# Proper Noun with Definite Article



## Flaminius

Hello forum,

I have long been wanting to ask this question and finally I chanced upon an example I can understand in another section of the fora.



ireney said:


> Ο μεν Γιώργος πήγε αριστερά, ο δε Κώστας δεξιά.
> Και ο Γιώργος και ο Κώστας πήγαν αριστερά.
> 
> 
> (In English I'd translate them as "George (on the one hand) went left, Kostas on the other hand went right" and "Both George and Kostas went left")
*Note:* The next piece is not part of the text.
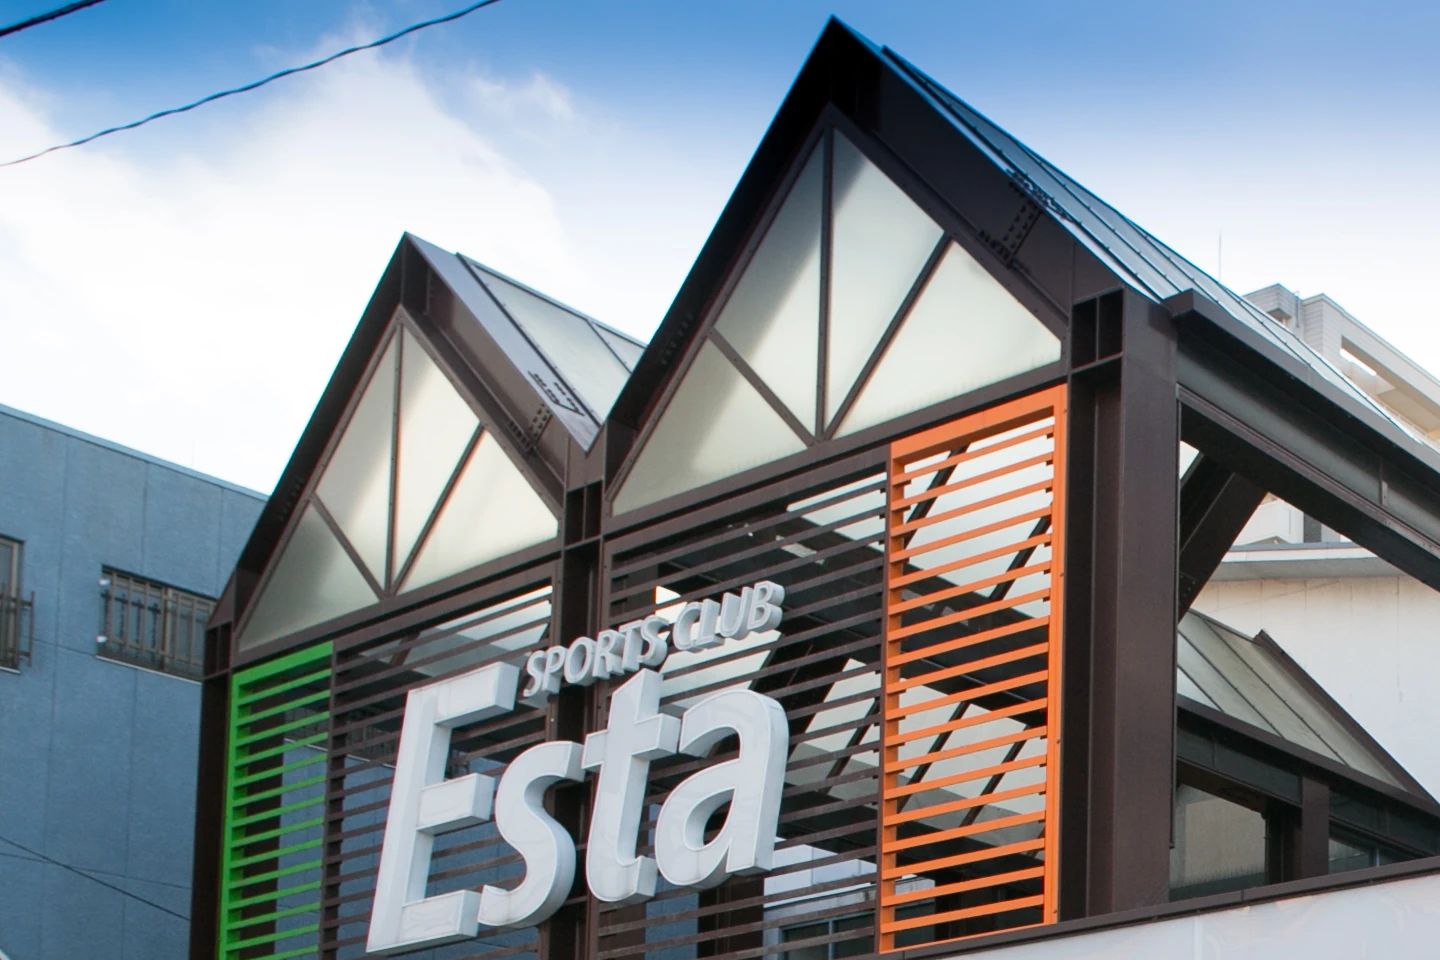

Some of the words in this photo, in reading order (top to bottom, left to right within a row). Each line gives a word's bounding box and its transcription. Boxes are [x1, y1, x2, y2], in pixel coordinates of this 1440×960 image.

[523, 614, 668, 699] SPORTS
[673, 580, 786, 653] CLUB
[366, 661, 789, 953] Esta
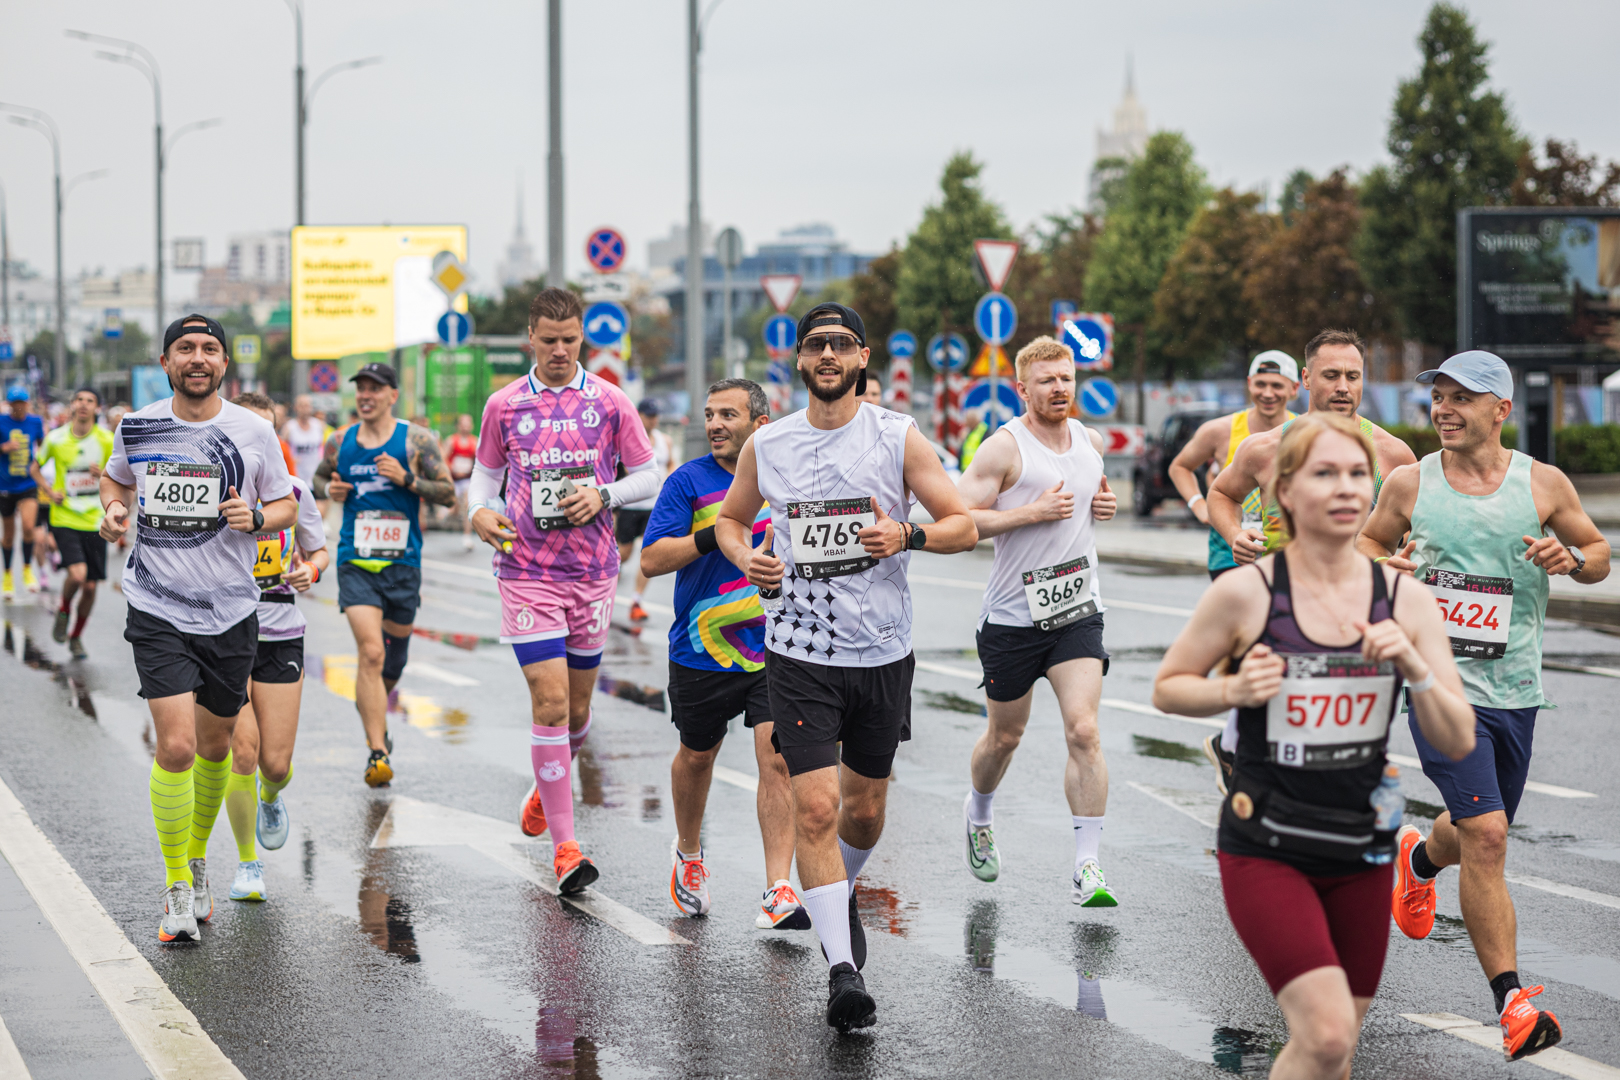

Is it common in Greek for a proper noun to be accompanied by a definite article as in sentences above?  If articleless construction is possible, what are the differences?


----------



## shannenms

Flaminius said:


> Hello forum,
> 
> I have long been wanting to ask this question and finally I chanced upon an example I can understand in another section of the fora.
> 
> 
> 
> Is it common in Greek for a proper noun to be accompanied by a definite article as in sentences above? If articleless construction is possible, what are the differences?


 
There are lots of it in Anabasis, where Kuros was at times accompanied by a definite article, e.g. Anabasis, 1.1.3, 1.1.8,....


----------



## Tetina

Hello.
Do you mean if it is common in Greek to say "Ο Γιώργος", "Η Αθηνά", "Το Λουξεμβούργο" ? 
In matter of fact *it is not correct* to put proper nouns *without* definite articles!
I know that the translation in english is "The George", "The Athina", "The Luxembourg" and in this aspect you consider it wrong, but let's say it's a grammatical difference.


----------



## Flaminius

Hello Tetina,

Yes, that is exactly what I wanted to know.  Thank you.   Let me double-check.  A proper noun is always accompanied by a definite article?  Is is always so regardless of case (_ptosis_) and other conditions how the noun is used in a sentence?


----------



## Tetina

Flaminius said:


> Hello Tetina,
> 
> Yes, that is exactly what I wanted to know. Thank you. Let me double-check. A proper noun is always accompanied by a definite article? Is is always so regardless of case (_ptosis_) and other conditions how the noun is used in a sentence?


 
The rule is that a proper none is accompanied by a definite article regardless of _ptosis_. It doesn't come to my mind a grammatical case that this doesn't happen ...
If I or somebody else think of such a case we will post it.

Examples: 
*Ο* Γιώργος διαβάζει.
Το σπίτι *του* Γιώργου είναι *στην* Αθήνα. 
Είδα *τον* Γιώργο χτες.

*Also this could be considered one the difficulties of Greek language. For every word you must know its gender so you put the correct definite article.


----------



## modus.irrealis

Tetina, you should have gone one case further . The definite article is not used with the vocative:

Έλα 'δω, Γιώργο
Come here, George

(The situation in Ancient Greek, as shannenms noticed, is more complicated, and I don't understand it completely, but very roughly speaking, proper nouns are treated much like normal nouns for when to use the article.)


----------



## Flaminius

modus.irrealis said:
			
		

> [V]ery roughly speaking, proper nouns are treated much like normal nouns for when to use the article.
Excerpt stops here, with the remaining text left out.